An Error represents something that went so wrong with your application that you shouldn’t attempt to recover from it
EX - ExceptionInInitializerError, OutOfMemoryError, StackOverflowError
Define hash code
a number that puts instances of a class into a finite number of categories
try/catch/finally block rules (5)
- multiple catch blocks are allowed
- multi-catch blocks (catching more than one exception in a given block)are allowed; exception types are separated by |
- a finally block is optional
- a try/finally block only IS allowed, but a try block by itself is not
- a finally block will always execute, unless System.exit() is called
What are unchecked exceptions?
Examples?
an exception that is not required to be handled or declared
EX: RuntimeException;
- ArithmeticException (for illegal math problems);
- IndexOutOfBoundsException (if you reference an index that’s > the length of an array);
- NullPointerException (if you attempt to perform an operation on a reference variable that points to a null value)
Define annotations
special constructs that use the @ symbol. provide metadata about the source code to the compiler and JVM
Explain Test Driven Development (TDD)
- process of writing unit tests you want your code to pass
Steps
- write a unit test
- run the test ==> test will fail
- fix the test by writting application code
- retest until the test passes
- repeat
Define Unit Testing
testing of individual software components in isolation from the rest of the system; writing unit tests which execute the code we want to inspect
JUnit Annotations
Java framework for unit testing
static Assert methods (5)
- assertTrue()
- assertFalse()
- assertEquals()
- assertNotEquals()
- assertThat()
JUnit Assertions
verifies that the state of the application meets what is expected
What annotation would you use to prevent a test from running?
@Ignore (use sparingly!)
Testing Best Practices (7)
- dependency injection - design pattern in which an object receives other objects that it depends on
- write testable code
- use mocking libraries for dependencies
- measure your code coverage
- externalize test data when possible (read test datat from external file)

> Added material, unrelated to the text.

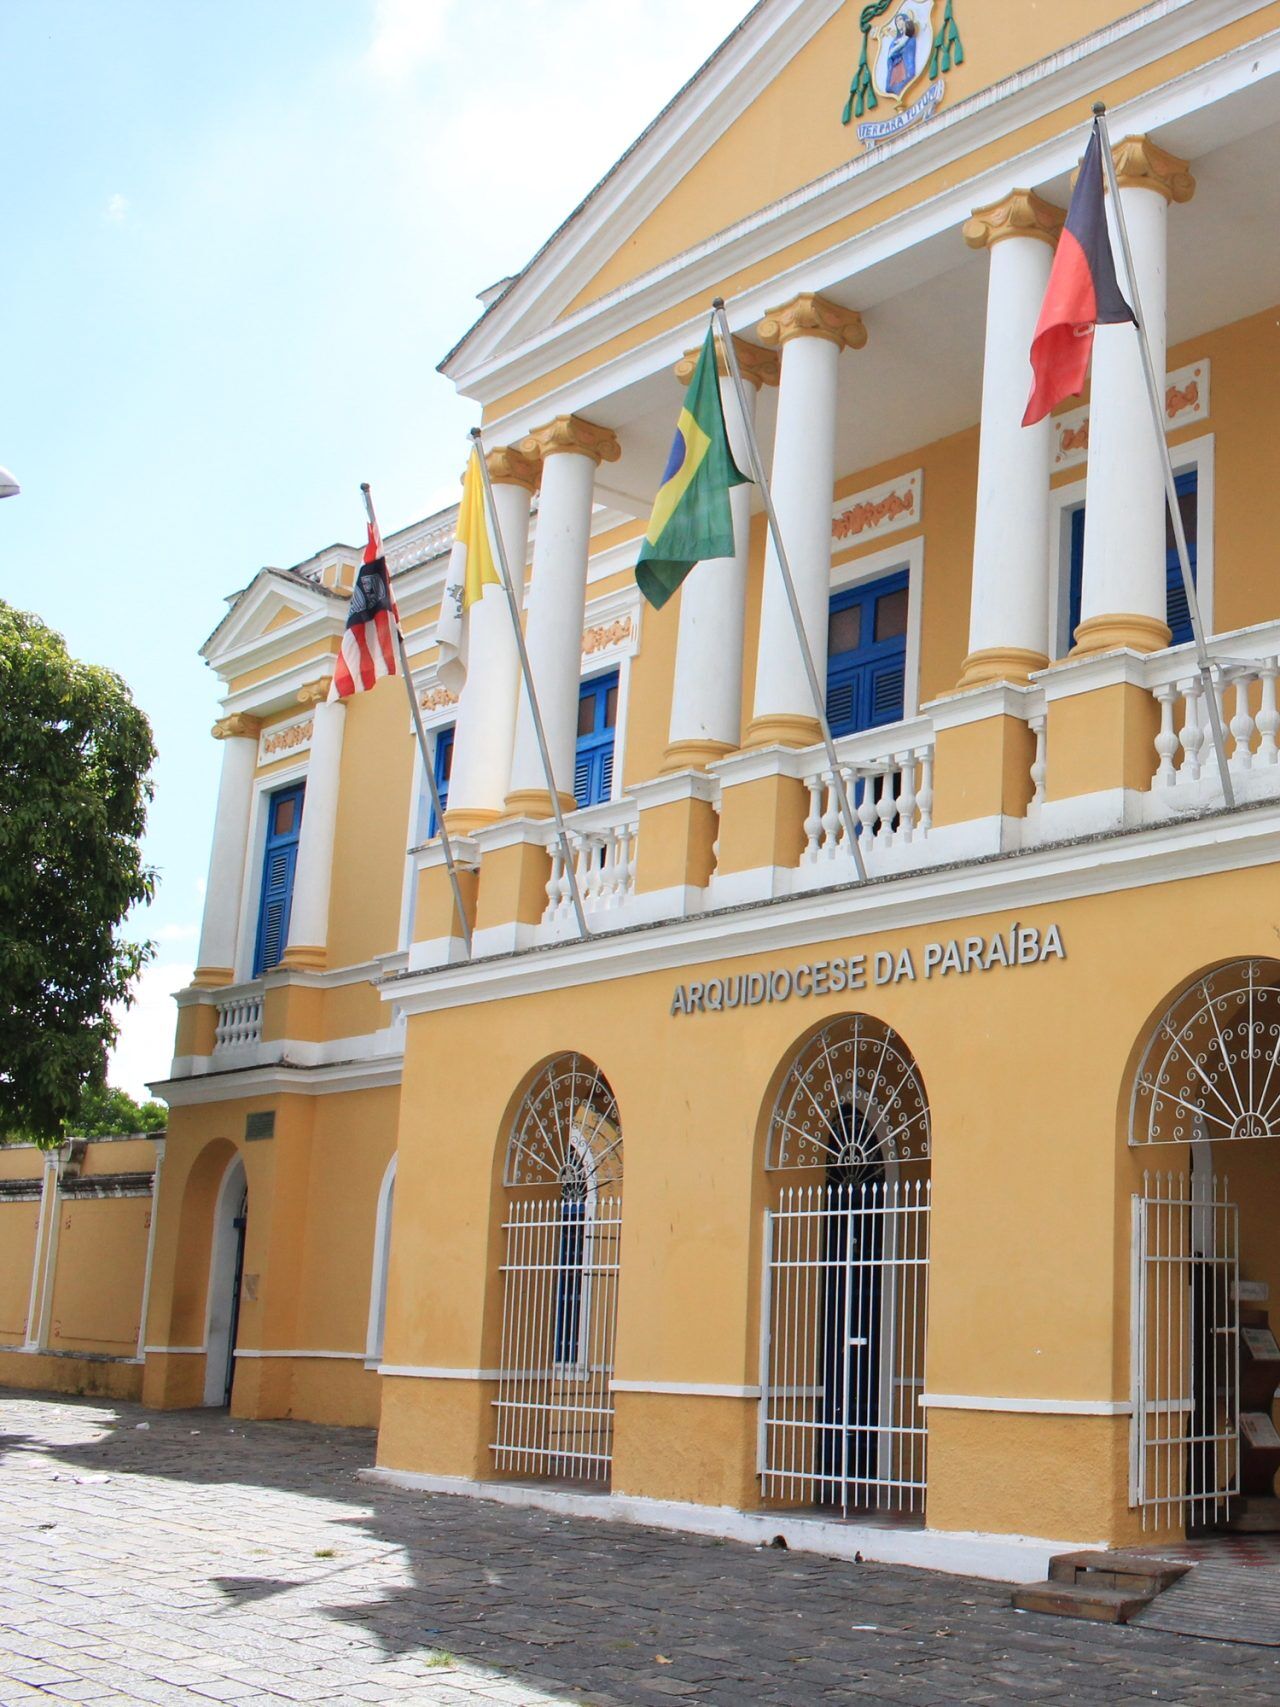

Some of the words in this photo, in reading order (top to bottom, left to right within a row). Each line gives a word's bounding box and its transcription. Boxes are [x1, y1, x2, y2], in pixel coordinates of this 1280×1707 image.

[670, 954, 866, 1016] ARQUIDIOCESE
[873, 947, 915, 986] DA
[924, 922, 1066, 978] PARAÍBA

- try to use only 1 assert statement per test (helps pinpoint defects when debugging)
- write deterministic tests (“flkay tests”)

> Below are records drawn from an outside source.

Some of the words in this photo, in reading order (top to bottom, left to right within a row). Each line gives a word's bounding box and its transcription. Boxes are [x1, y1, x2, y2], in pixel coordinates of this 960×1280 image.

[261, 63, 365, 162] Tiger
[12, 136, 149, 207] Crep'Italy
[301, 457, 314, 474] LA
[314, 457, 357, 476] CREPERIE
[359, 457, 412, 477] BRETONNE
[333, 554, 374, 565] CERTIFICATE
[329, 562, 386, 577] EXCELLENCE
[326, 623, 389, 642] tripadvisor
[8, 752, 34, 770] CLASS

4 types of variable scopes in Java?
- instance/object scope - variable is attached to individual objects created from the class; when modified, it has no effect on other, distinct objects of the same class
- class/static scope -variables reside on the class definition itself. This means that when objects update a class-scoped variable, the change is reflected across all instances of the class
- method scope - scope of a variable declared within a method block, whether static or instance; do not exist after method finishes execution
- block scope - only exist within the specific control flow block (for/while/do-while loops/if/else-if/else blocks, switch cases, regular blocks declared by {}; no longer available after block ends
return statements
used for returning a value when the execution of the block is completed. The return statement inside a loop will cause the loop to break and further statements will be ignored by the compiler
Explain stack vs heap?
Heap is where objects are stored in memory. Stack is where local variable references are kept - a new stack FRAME is created for each method invocation
Non-accessmodifiers (6)?
- static
- final
- abstract
- default
- synchronized
- transient
obscure keywords :volatile, native, strictfp
What makes a class immutable (6)?
- Declare the class as final so it can’t be extended.
- Make all fields private so that direct access is not allowed.
- Don’t provide setter methods for variables.
- Make all mutable fields final so that it’s value can be assigned only once.
- Initialize all the fields via a constructor performing deep copy.
- Perform cloning of objects in the getter methods to return a copy rather than returning the actual object reference.